Słychać głośniejsze łup łup łup.
- Idź otwórz, zobacz kto to, - mówi żona.
No więc zwleka się półprzytomny i schodzi na dół (mieszkają w domku). Otwiera drzwi, a na progu stoi facet, od którego jedzie alkoholem:
- Dobry wieszor, - bełkocze. - Szy mochby pan mnie popchnąć?
- Nie, spadaj facet, jest trzecia w nocy. Wywlokłeś mnie pan z łóżka - warczy mąż i zatrzaskuje drzwi. Wraca do żony i mówi co zaszło.
- No co Ty, jak mogłeś? - mówi żona - A pamiętasz, jak nam się wtedy zepsuł samochód, kiedy jechaliśmy odebrać dzieci z kolonii i sam musiałeś pukać do kogoś, żeby nam pomógł? Co by się wtedy stało, gdyby też Ci powiedział, żebyś spadał?!?!?!?
- Ale kochanie, on był pijany!
- Nieważne, potrzebuje pomocy.
No wiec mąż jeszcze raz zwleka się z łóżka, ubiera się i schodzi na dół. Otwiera drzwi, ale z powodu ciemności nic nie widzi, więc woła:
- Hej, czy nadal trzeba pana popchnąć?
Z ciemności dochodzi głos:
- Taaaa...
Ale ponieważ nadal nie potrafi zlokalizować faceta, krzyczy:
- Gdzie pan jest?
- W ogrodzie, na huśtawce...
Nauczyciel napisał na tablicy wzór chemiczny:
- Jasiu co ten wzór oznaczy?
- To jest, ojej, mam to na końcu języka...
- Dziecko wypluj to natychmiast, bo to kwas siarkowy!
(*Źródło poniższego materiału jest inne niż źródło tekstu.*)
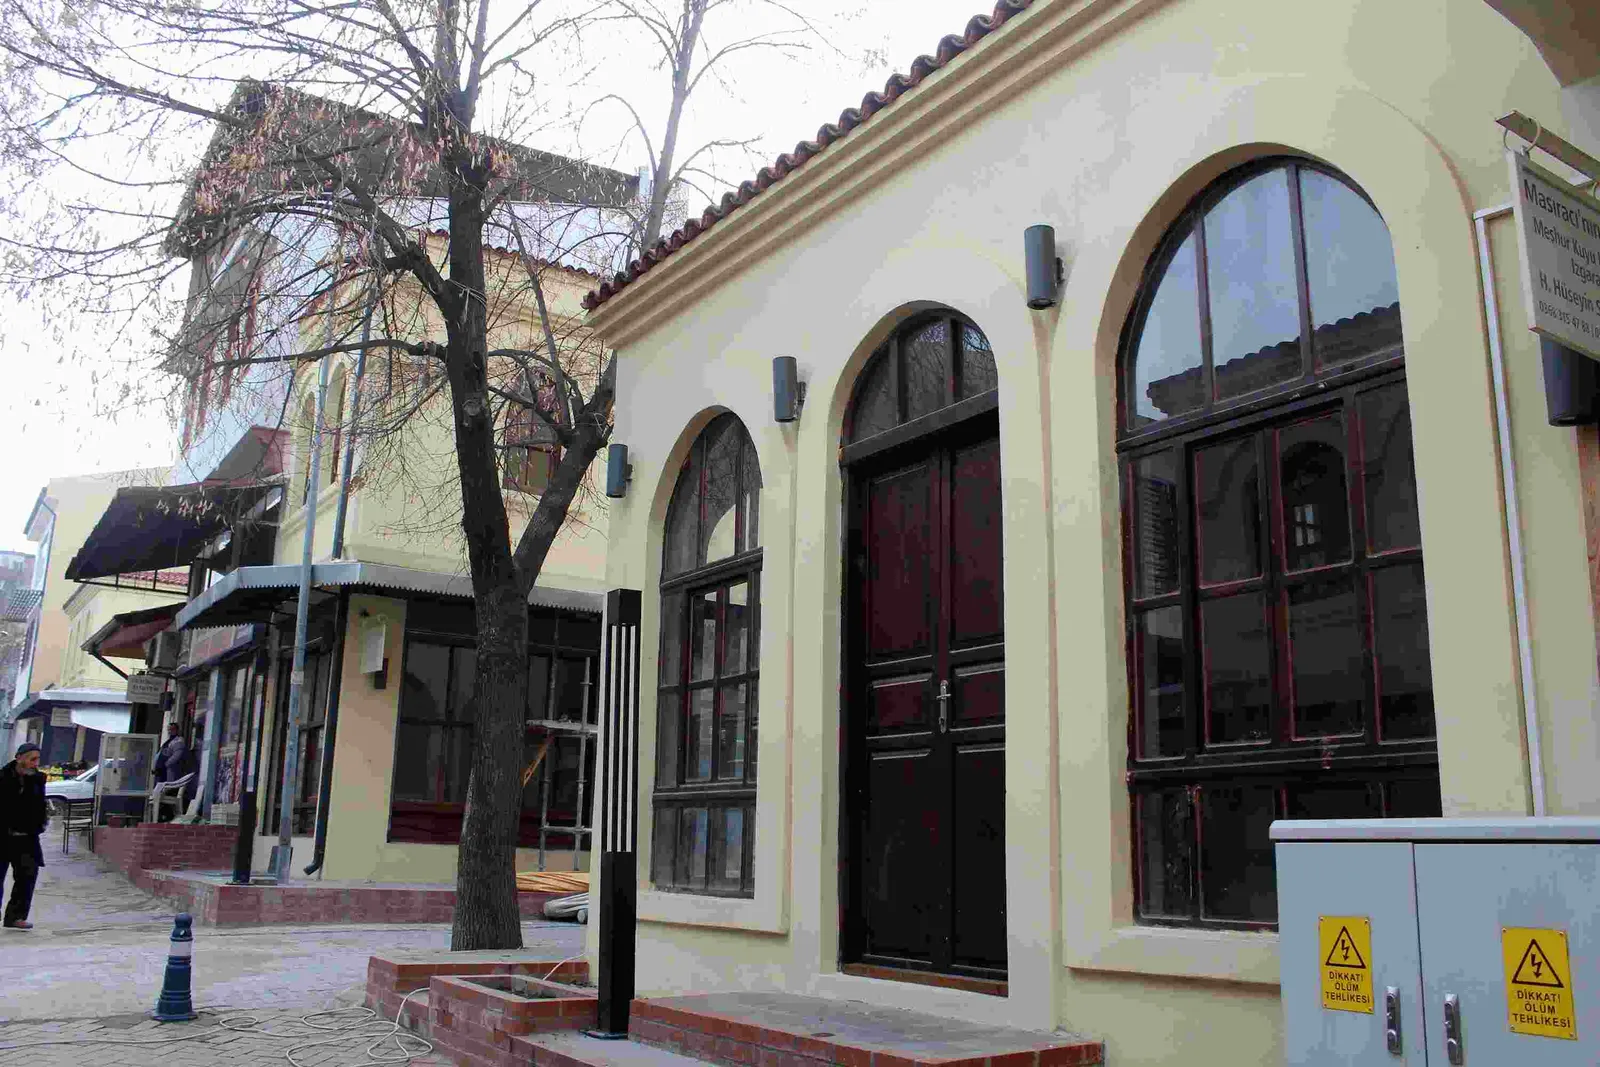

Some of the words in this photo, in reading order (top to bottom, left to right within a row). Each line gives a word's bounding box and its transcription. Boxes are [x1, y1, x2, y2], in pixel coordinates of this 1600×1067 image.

[1539, 269, 1552, 293] H.
[1334, 982, 1359, 992] ÖLÜM
[1325, 991, 1370, 1004] TEHLİKESİ
[1524, 1001, 1556, 1014] ÖLÜM
[1512, 1013, 1571, 1028] TEHLİKESİ
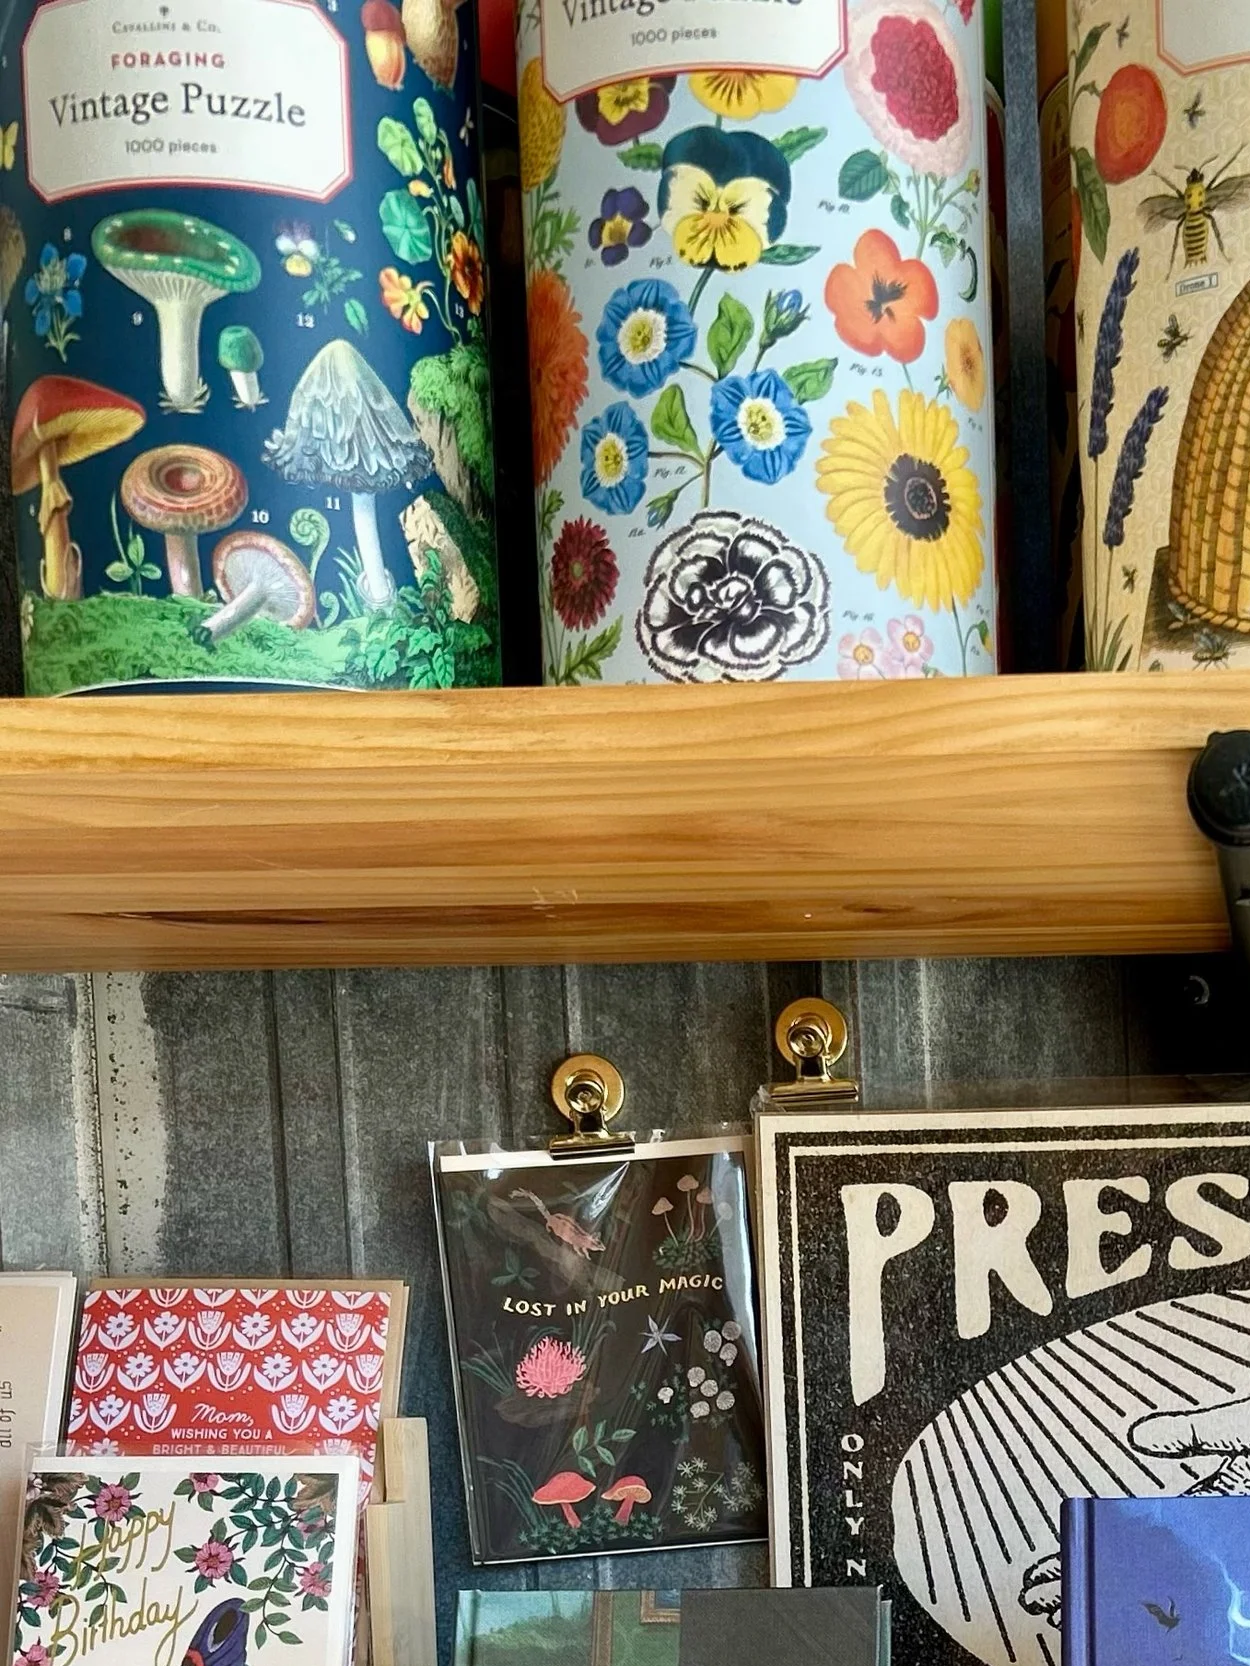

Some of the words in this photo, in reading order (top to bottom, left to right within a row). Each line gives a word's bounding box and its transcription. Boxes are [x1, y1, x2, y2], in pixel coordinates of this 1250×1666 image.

- Dzień dobry, proszę przyjechać po syna do szkoły.
- No nie... Co znowu odprawił?
- Nic, ale już prawie północ.
11 września rano Saddam Husajn dzwoni do prezydenta Stanów Zjednoczonych:
- Bardzo mi przykro z powodu tej tragedii. To były wspaniałe budynki. Chciałem zapewnić, że nie mamy z tym nic wspólnego.
Zdziwiony Bush pyta:
- Jaka tragedia, jakie budynki?
Husajn na to:
- A która u was jest godzina?
- Ósma rano - odpowiada Bush.
A Husajn na to:
- A to ja zadzwonię później.
Snajper wszedł na dach rozłożył broń, zamontował celownik i nieruchomo czeka na cel. Nagle dzwoni żona:
- Jak chciałeś iść z kolegami na piwo, to możesz.
- Ok.
- I jeszcze chciałeś iść na ten mecz, to też możesz.
- Ok.
- I tę konsolę chciałeś sobie kupić, żeby ze mną nie rozmawiać, to też sobie kup.
- Ok.
- Bo moja mamusia do nas przyjechała.
- Widzę...
Spotyka się dwóch kumpli:
- Stary powiedz mi jaki prezent dać dziewczynie, żeby jej się na pewno podobał?
- Nie możesz jej po prostu zapytać co chce dostać?
- Ostatnio zapytałem, dostała to co chciała, a i tak jej się nie podobało...
- Jak to?
- No zapytałem co jej kupić, a ona do mnie, żebym zamiast chodzić do centrum handlowego, zrobił coś własnoręcznie.
- I co zrobiłeś, że jej się nie spodobało?
- No co... frytki.
- Jak trafiłeś do więzienia?
- Za łapówkę.
- Co za czasy! Nawet, żeby do pierdla się dostać, trzeba w łapę dawać...
Są zawody spadochronowe. Konkurencja "kto najniżej otworzy spadochron". Skoki odbywały się parami. Udział wzięło dwóch wariatów. Wyskoczyli z samolotu, lecą, 700m do ziemi. Jeden z nich pyta:
- Ty, Franek, otwieramy?
- Nie, jeszcze czas.
Lecą, 500 m do ziemi
- Ty, Franek, otwieramy?
- Nie, jeszcze czas.
Lecą, 100 m, do ziemi.
- Ty, Franek, otwieramy?
- Nie, jeszcze czas.
Lecą, metr do ziemi.
- Ty, Franek, otwieramy?
- Coś ty, głupi? Z metra nie skoczysz?
Jaś, pyta się ojca.
- Tatusiu, jak powstali ludzie?
- Zostali stworzeni przez Boga.
- A mamusia mówiła że ewoluowali od małp.
- Mamusia mówiła o swojej stronie rodziny.
- Boisz się sztucznej inteligencji?
- Bardziej się boję prawdziwej głupoty.
- Podobno Janek zginął w pożarze leśniczówki?
- Zawsze chciał być zapalonym myśliwym.